Amazon had an early start with its Web Services (AWS), Simple Storage Service (S3) and other offerings, but Microsoft is striving to turn its Azure cloud computing platform into the go-to cloud for enterprises. On July 9, the company added new capabilities to firm up its cloud platform, which supports both Windows and Linux, and provides a wide range of infrastructure-as-a-service (IaaS), platform-as-a-service (PaaS) and hybrid-cloud solutions.
“Today, we are releasing several new announcements across Microsoft Azure that further our vision of delivering the most complete, open cloud in the industry,” said Mike Schutz, general manager of cloud platform marketing for Microsoft.
Among them is heterogeneous workload support for Azure Site Recovery. The feature, based on InMage technology, enables customers to recover, migrate and manage workloads in mixed environments that include AWS, VMware and other platforms.
Microsoft acquired InMage, a San Jose, Calif., cloud data protection software company, and its lightweight Scout software last year.
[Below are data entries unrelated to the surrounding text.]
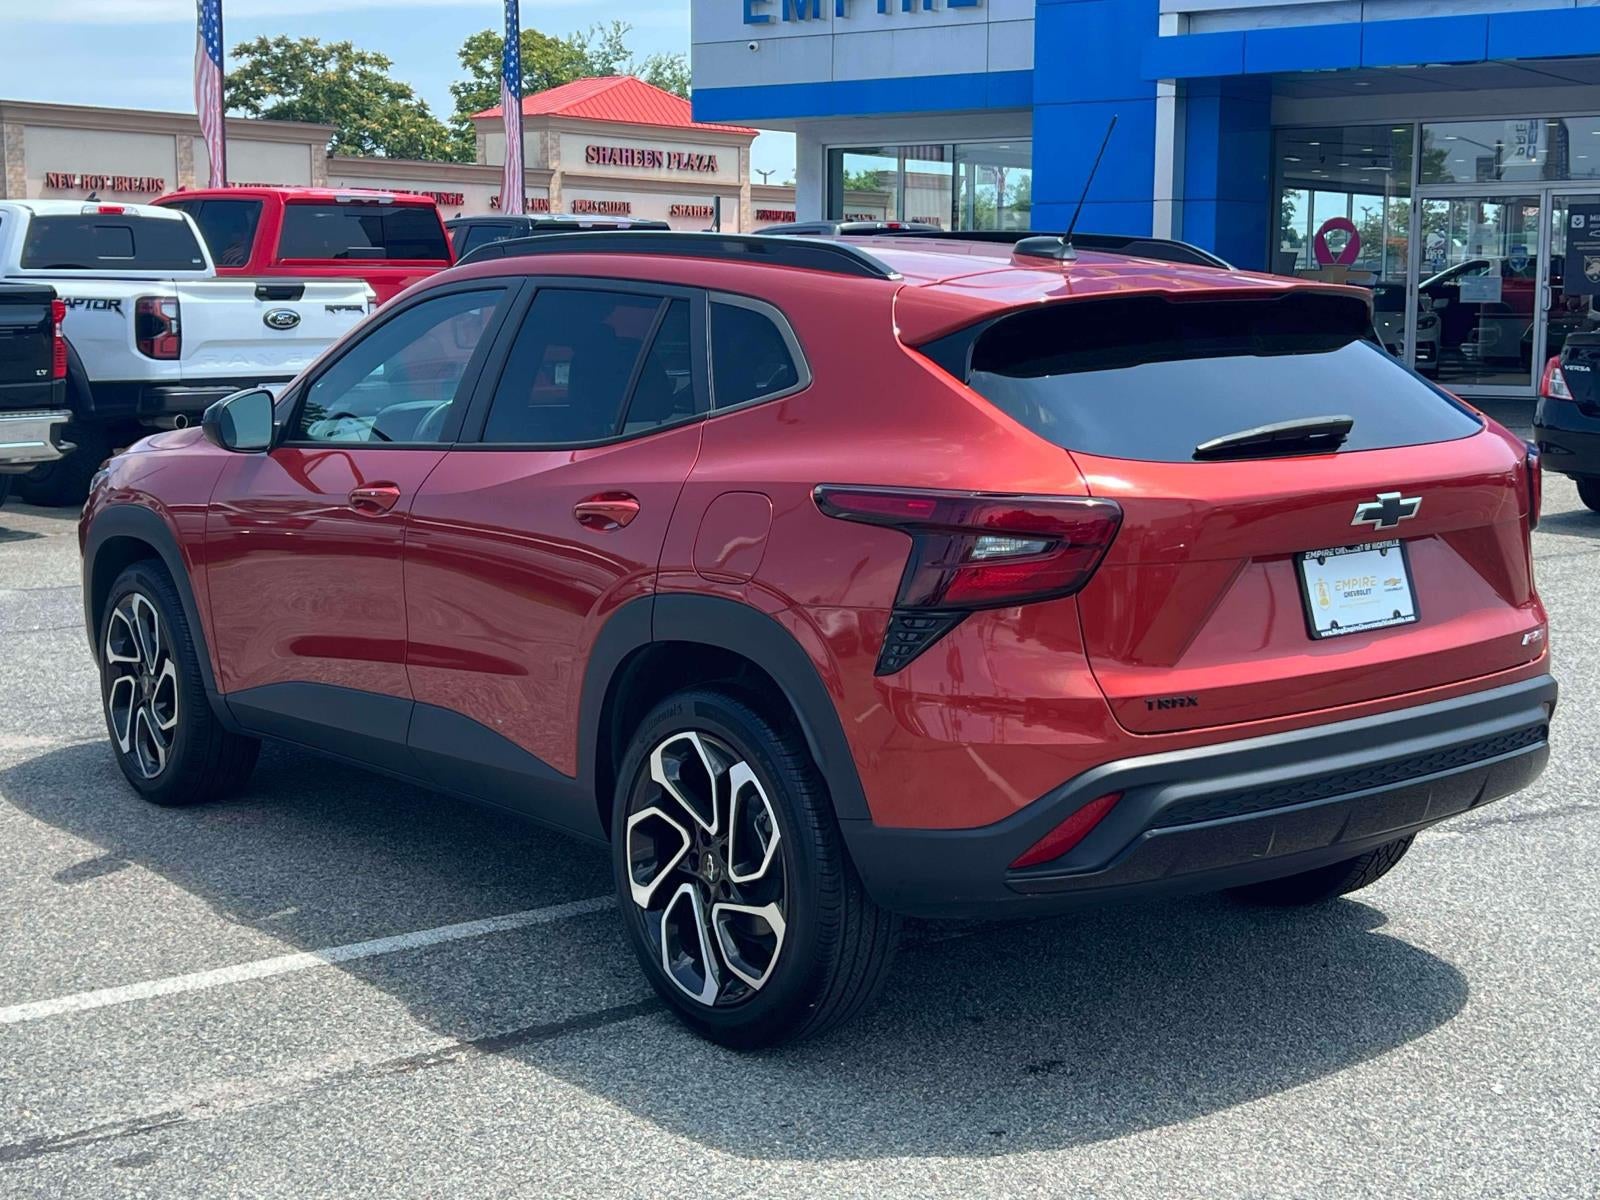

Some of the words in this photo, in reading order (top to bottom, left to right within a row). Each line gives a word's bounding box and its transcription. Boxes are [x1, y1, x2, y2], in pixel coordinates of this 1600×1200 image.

[586, 144, 664, 168] SHAHEEN
[667, 151, 718, 173] PLAZA
[46, 172, 76, 189] NEW
[80, 174, 109, 191] HOT
[112, 176, 166, 193] BREADS
[670, 204, 714, 217] SHAHEE
[63, 298, 126, 320] APTOR
[1564, 364, 1591, 372] VERSA
[1305, 548, 1335, 560] EMPIRE
[1334, 575, 1377, 592] EMPIRE
Scout tracks data changes with negligible performance impact on production servers and provides local backup and remote replication services using a single data stream.
“Microsoft is now working to integrate the InMage Scout technology into Azure Site Recovery service, in order to give customers a simple, cost-effective way to ensure business continuity with the power and scale of the Azure global cloud,” a Microsoft spokesperson told eWEEK during the deal’s announcement.
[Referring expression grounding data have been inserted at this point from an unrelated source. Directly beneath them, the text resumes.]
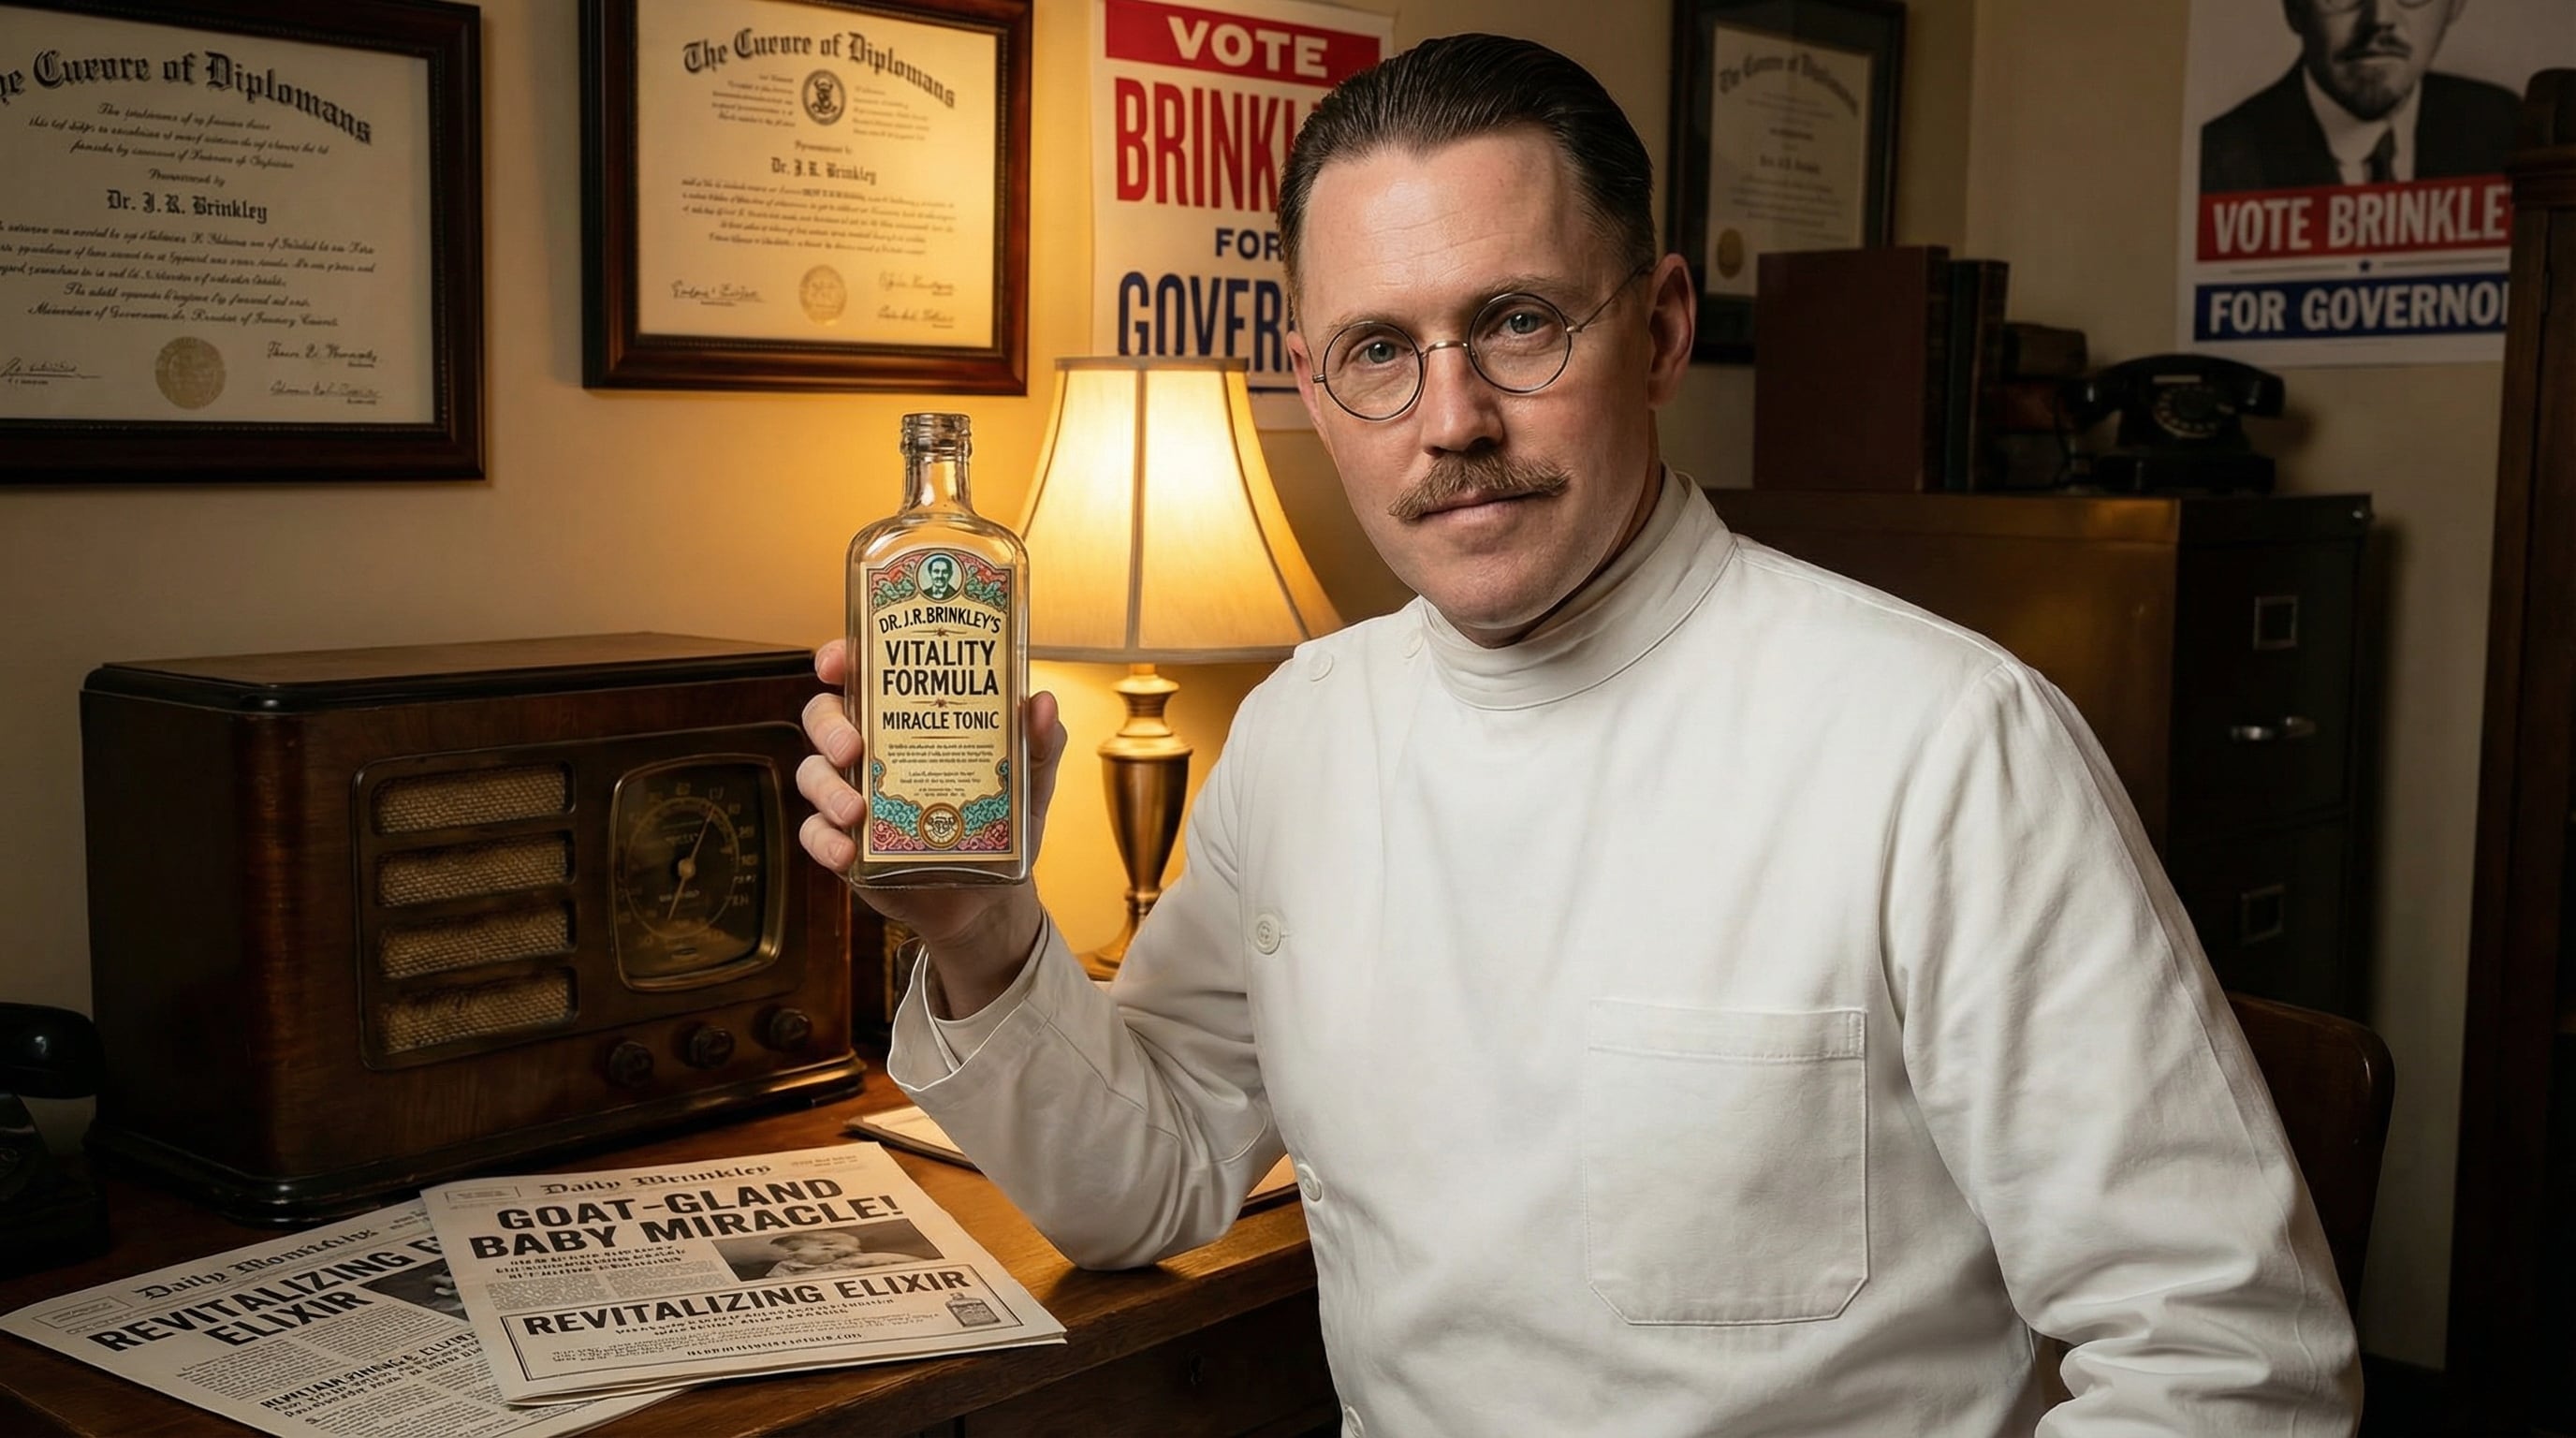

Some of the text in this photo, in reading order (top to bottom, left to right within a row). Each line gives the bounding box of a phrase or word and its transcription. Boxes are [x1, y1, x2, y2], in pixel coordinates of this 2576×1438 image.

[682, 38, 728, 74] The
[820, 32, 842, 57] of
[848, 31, 956, 109] Diplomans
[1168, 17, 1328, 78] VOTE
[163, 52, 196, 84] of
[205, 51, 372, 145] Diplomans
[1115, 77, 1320, 213] BRINK
[107, 189, 268, 225] Dr. J. R. Brinkley
[2213, 184, 2512, 254] VOTE BRINKLE
[1215, 227, 1284, 262] FOR
[1118, 271, 1294, 373] GOVER
[2210, 290, 2287, 333] FOR
[879, 614, 902, 634] DR.
[886, 639, 996, 666] VITALITY
[883, 669, 999, 696] FORMULA
[883, 712, 1000, 729] MIRACLE TONIC
[497, 1179, 843, 1230] GOAT-GLAND
[540, 1178, 622, 1196] Daily
[469, 1225, 617, 1259] BABY
[640, 1195, 904, 1243] MIRACLE!
[87, 1250, 418, 1352] REVITALIZING
[134, 1270, 231, 1300] Daily
[522, 1284, 827, 1336] REVITALIZING
[834, 1270, 972, 1299] ELIXIR
[202, 1283, 374, 1346] ELIXIR
In the tech’s latest implementation, it will help Azure Site Recovery move AWS workloads to Azure. “These new capabilities provide an easy on-boarding to Azure, along with the hybrid flexibility and freedom of the Microsoft Cloud Platform,” stated Schutz.
It also adds support for VMware and physical server recoveries in Azure, adding to existing Hyper-V support, Microsoft’s own virtualization technology.
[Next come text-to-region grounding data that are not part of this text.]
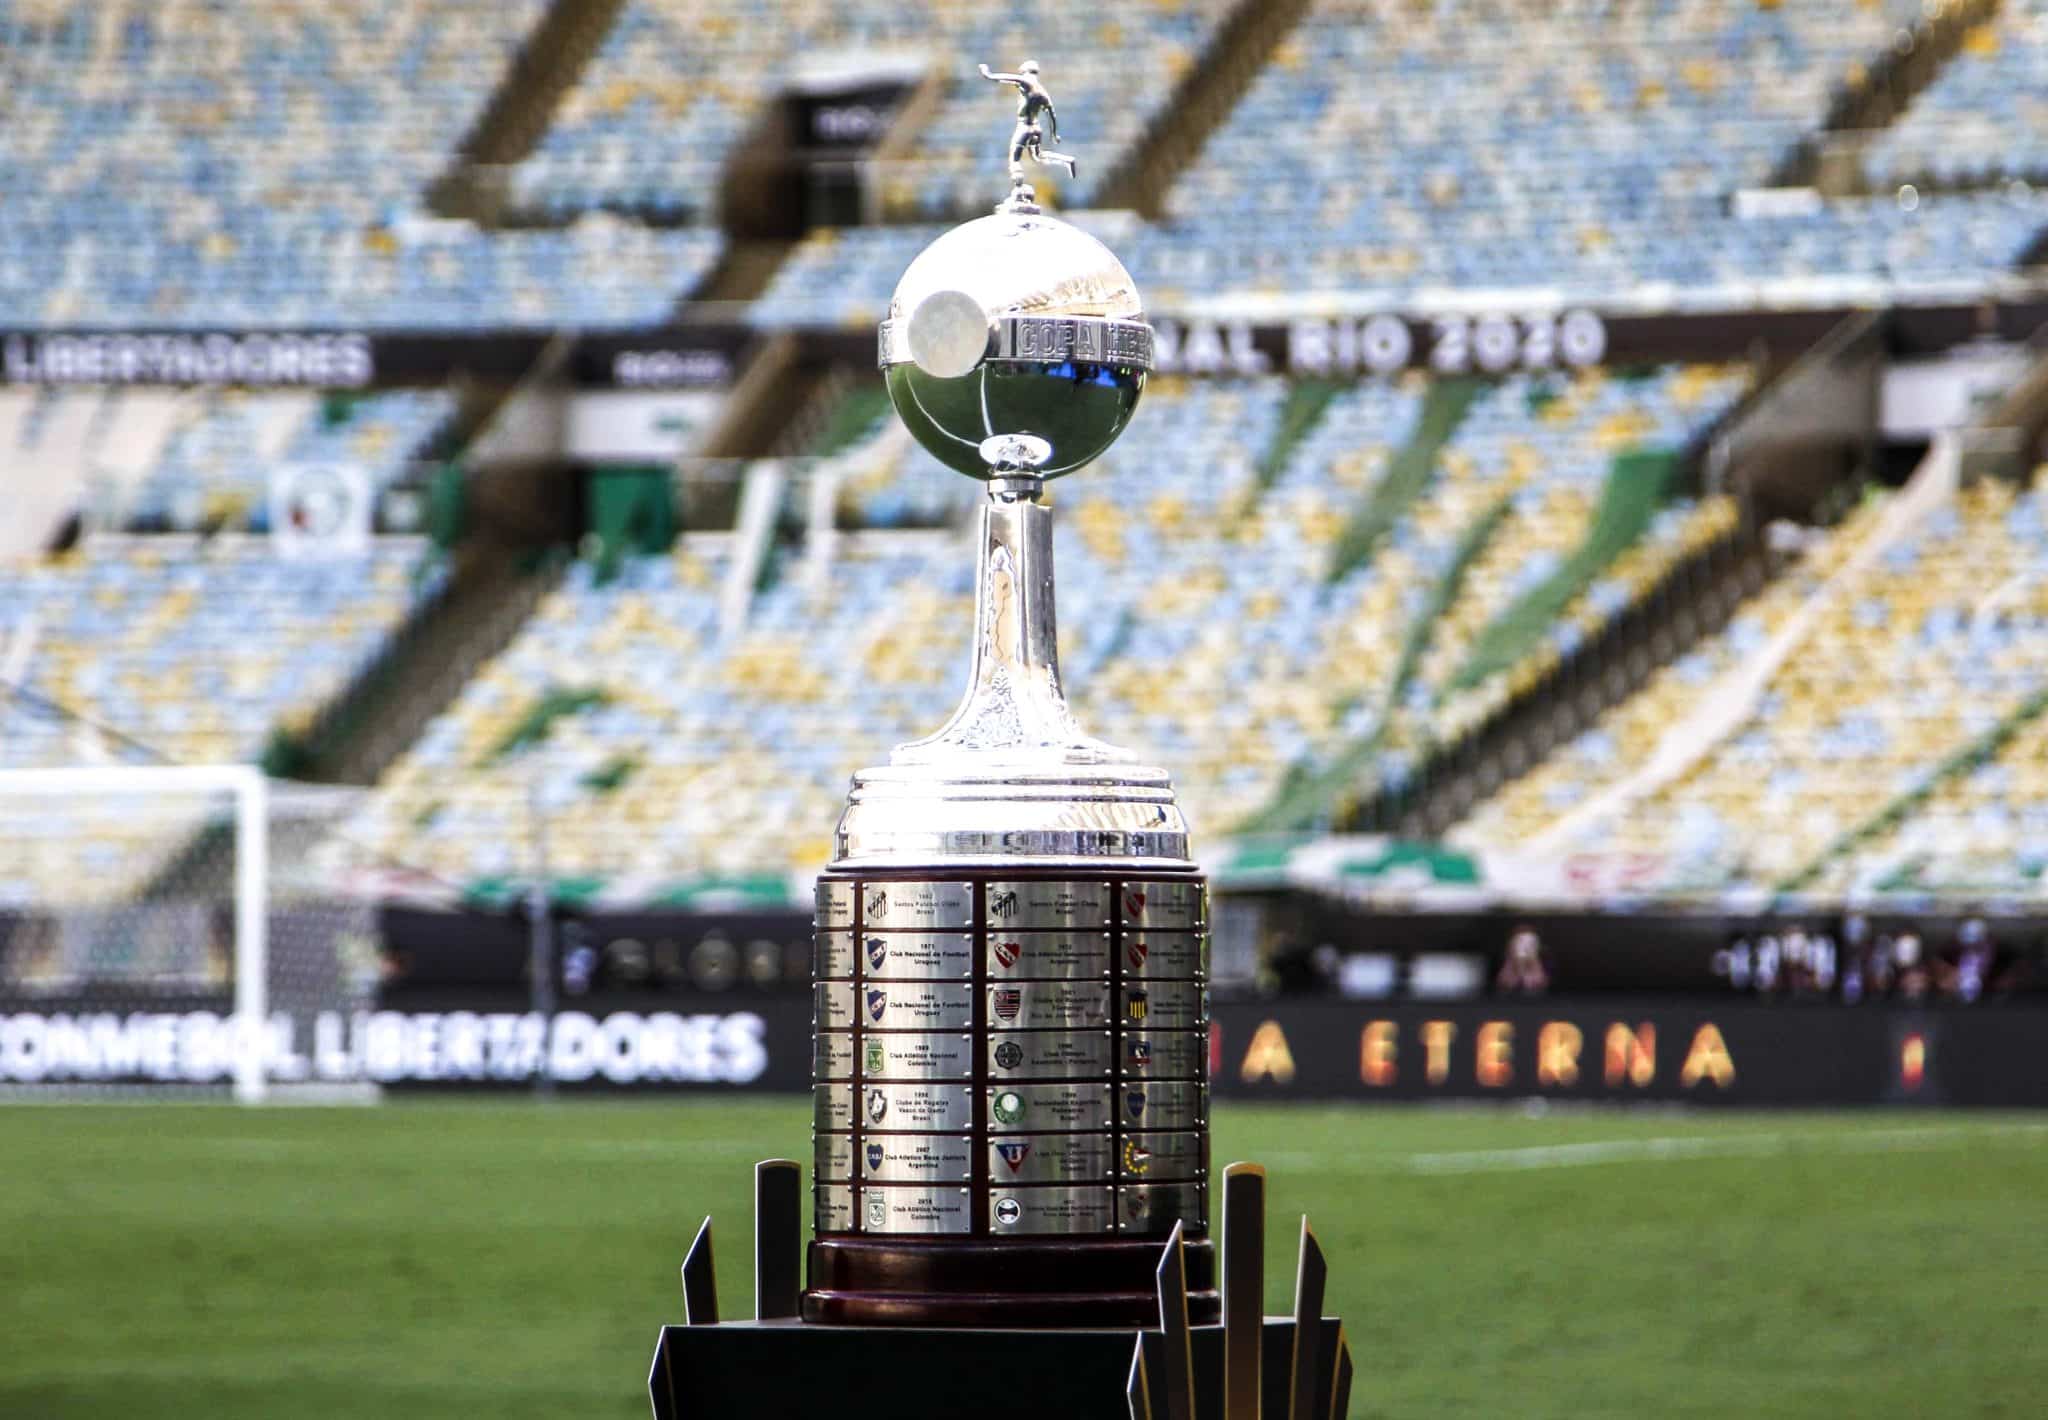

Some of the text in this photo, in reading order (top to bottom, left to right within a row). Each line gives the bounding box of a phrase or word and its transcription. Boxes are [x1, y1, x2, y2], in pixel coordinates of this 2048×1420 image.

[3, 332, 373, 386] LIBERTADORES
[1018, 322, 1097, 356] COPA
[1288, 314, 1411, 374] RIO
[1429, 307, 1607, 374] 2020
[1359, 1019, 1736, 1088] ETERNA
“This now enables you to use a secondary site, private cloud or Azure as your disaster recovery site within one Microsoft solution,” Schutz said. “Extending and protecting VMware workloads into Azure is an easy, automated process and works seamlessly with your existing infrastructure.”
For organizations seeking to exploit the cloud’s massive processing capabilities for their high-performance computing (HPC) projects, Microsoft also today announced virtual machines that run for Linux Remote Direct Memory Access (RDMA) with Intel Message Passing Interface (MPI).
“We are the only cloud vendor to offer RDMA, which enables virtual machines to communicate over the low-latency, high-throughput InfiniBand network,” said Schutz. “This network provides less than 3-microsecond latencies and more than 3.5G-bps bandwidth.”
In tests conducted with the help of Livermore Software Technology Corp. and D3VIEW, Schutz reported that the solution provided “near-linear scaling” to 256 processing cores while modeling an automotive crash.
Azure Batch, based on the company’s acquisition of cloud HPC company GreenButton, is now generally available. “Batch is a service that combines our previous GreenButton acquisition with the power of Azure infrastructure, providing the ability to execute large-scale, high-performance computing (HPC) scenarios in Azure,” he stated.
Finally, Microsoft released HPC Pack 2012 R2 Update 2. The update provides support for Linux Virtual Machines, allowing organizations to seamlessly extend their Linux-based HPC environments to Azure when additional capacity is required.